Task details :: Leave the pictures out while you restate every entry below word for word.

--

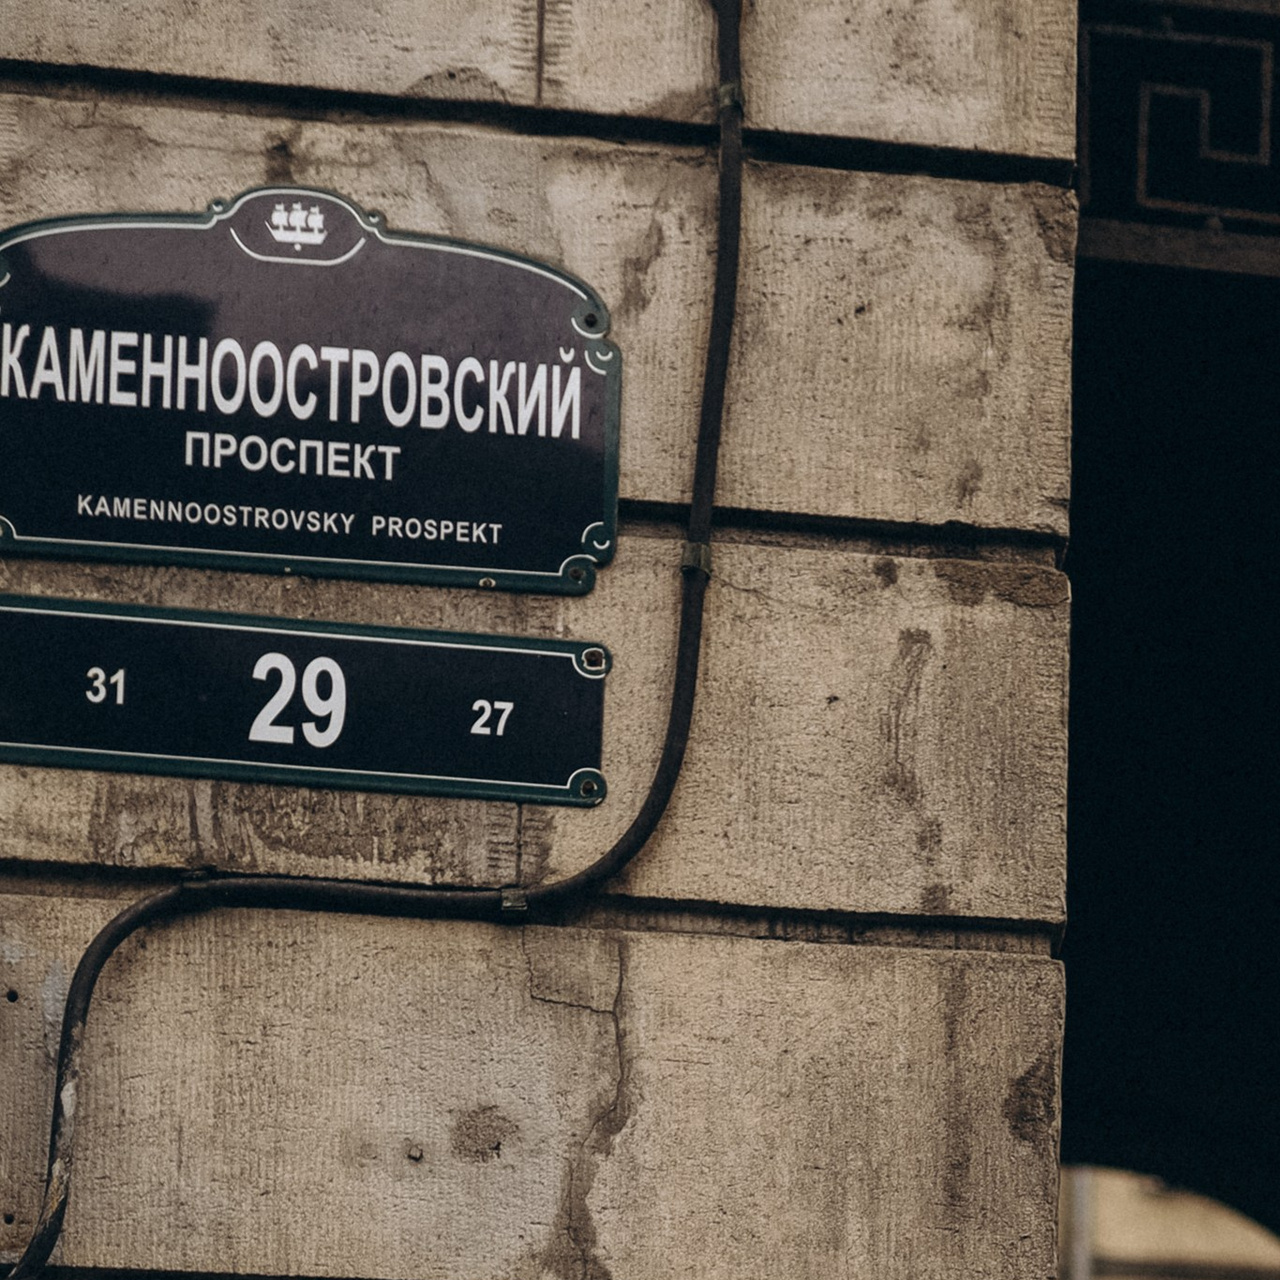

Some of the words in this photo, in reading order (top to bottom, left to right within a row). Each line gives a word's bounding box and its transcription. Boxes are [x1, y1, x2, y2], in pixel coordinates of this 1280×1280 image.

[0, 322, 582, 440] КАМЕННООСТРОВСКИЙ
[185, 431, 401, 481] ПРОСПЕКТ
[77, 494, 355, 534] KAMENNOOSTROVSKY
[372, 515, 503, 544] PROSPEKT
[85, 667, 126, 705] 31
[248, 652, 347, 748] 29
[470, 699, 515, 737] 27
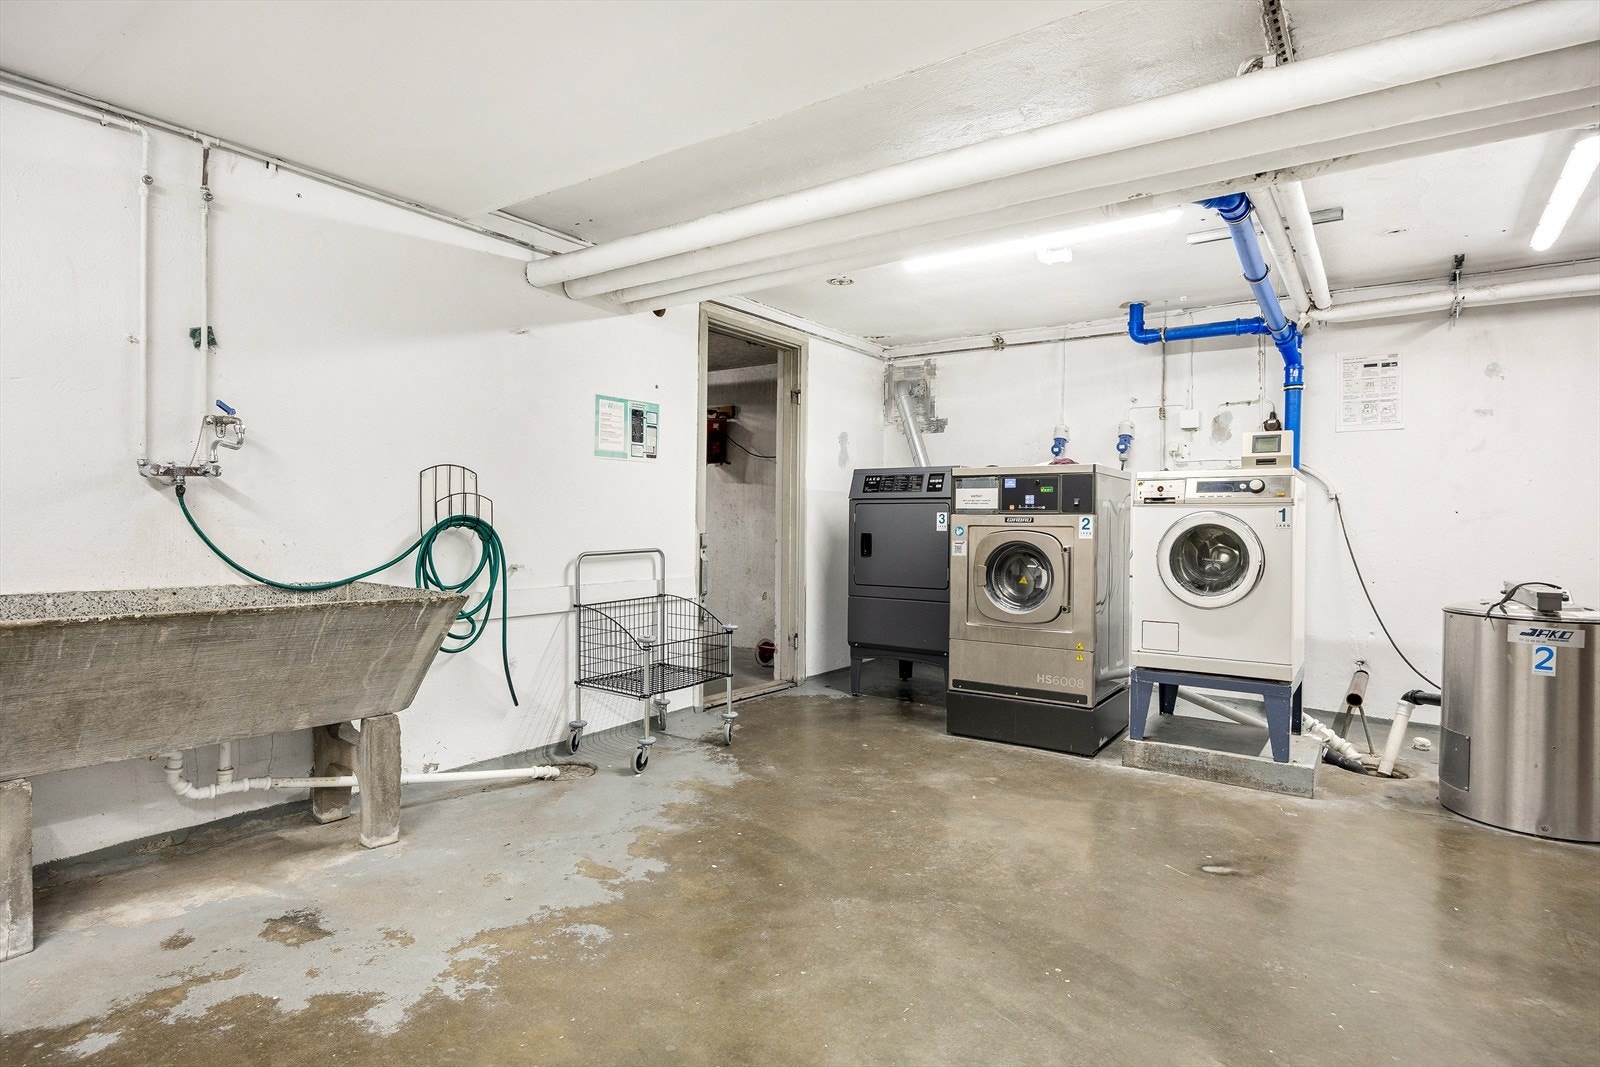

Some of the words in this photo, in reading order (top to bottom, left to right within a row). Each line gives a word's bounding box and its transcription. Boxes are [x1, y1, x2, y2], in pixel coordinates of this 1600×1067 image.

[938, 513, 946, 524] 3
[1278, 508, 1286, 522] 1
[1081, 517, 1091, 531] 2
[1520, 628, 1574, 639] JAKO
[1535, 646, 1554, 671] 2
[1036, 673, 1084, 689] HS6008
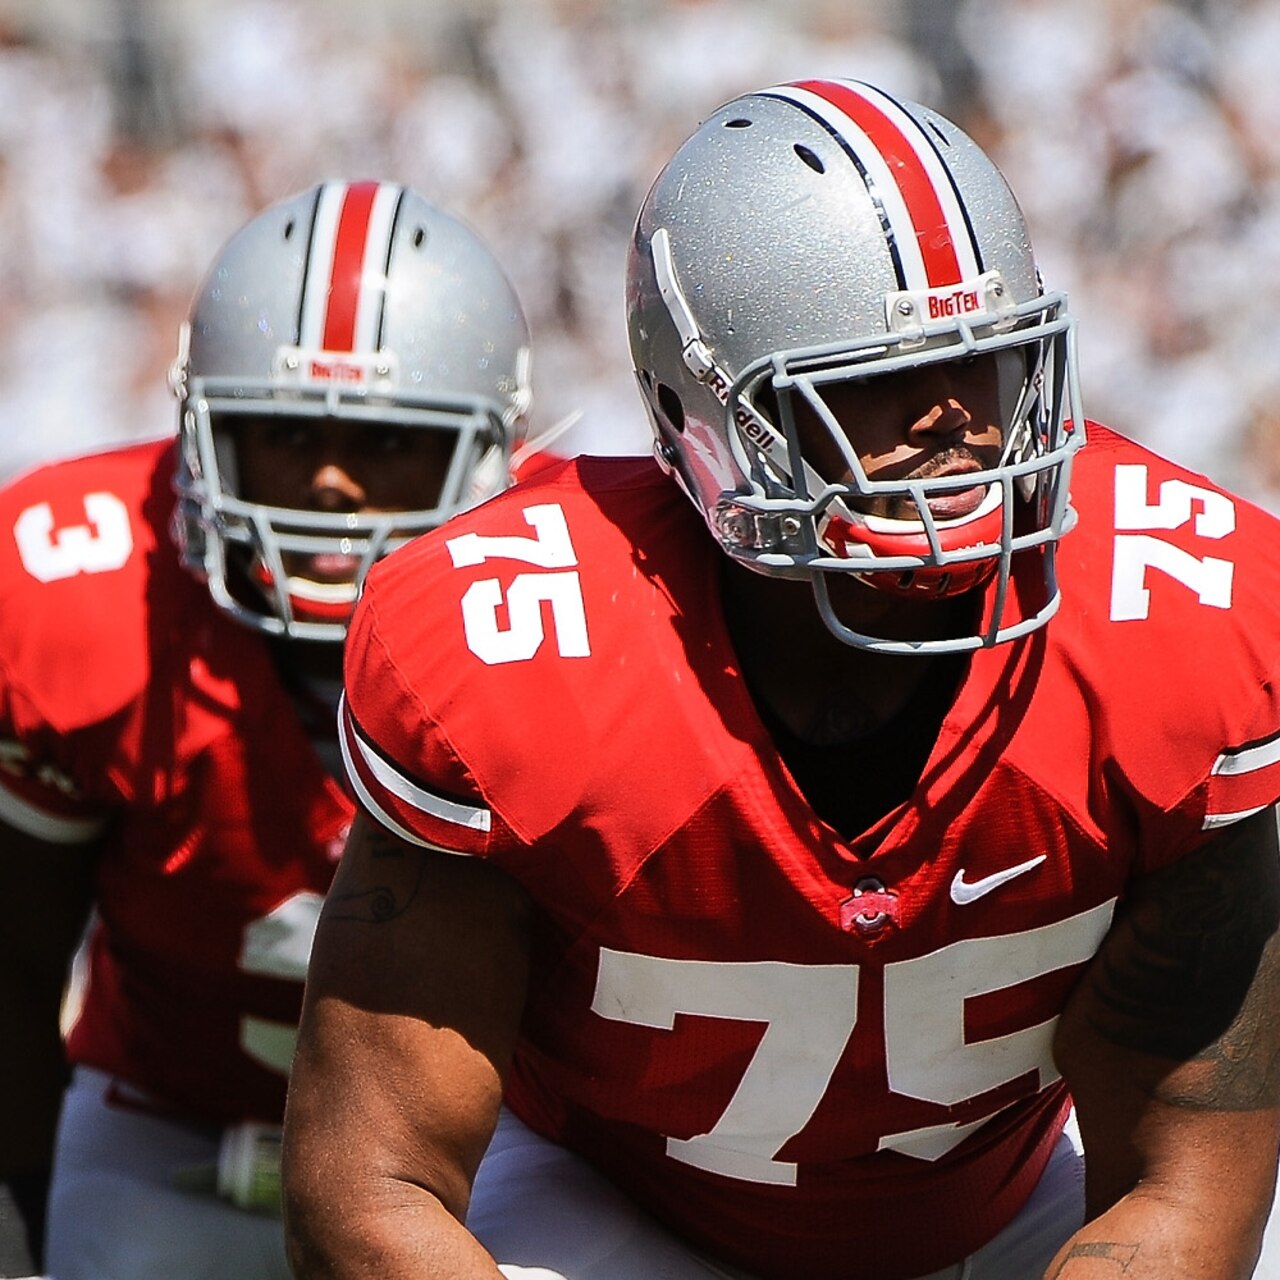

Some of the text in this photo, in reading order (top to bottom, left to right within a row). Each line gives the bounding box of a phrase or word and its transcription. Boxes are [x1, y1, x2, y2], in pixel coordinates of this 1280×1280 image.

--

Solved exercise ::
Some of the words in this photo, in reading order (top to bottom, left to right within a row). Each line gives a word's bounding box and its transcription. Boxes are [x1, y1, x2, y2], in pixel coordinates of this 1280×1280 image.

[0, 322, 582, 440] КАМЕННООСТРОВСКИЙ
[185, 431, 401, 481] ПРОСПЕКТ
[77, 494, 355, 534] KAMENNOOSTROVSKY
[372, 515, 503, 544] PROSPEKT
[85, 667, 126, 705] 31
[248, 652, 347, 748] 29
[470, 699, 515, 737] 27

Some of the words in this photo, in reading order (top to bottom, left to right within a row). Each line gives a word's bounding box and its transcription. Boxes are [x1, y1, x2, y2], in pixel coordinates of this 1600×1067 image.

[938, 513, 946, 524] 3
[1278, 508, 1286, 522] 1
[1081, 517, 1091, 531] 2
[1520, 628, 1574, 639] JAKO
[1535, 646, 1554, 671] 2
[1036, 673, 1084, 689] HS6008

Some of the text in this photo, in reading order (top to bottom, left to right within a row). Each line gives the bounding box of a phrase or word and its transcription. Boxes are [x1, y1, x2, y2], in pixel coordinates of this 1280×1280 image.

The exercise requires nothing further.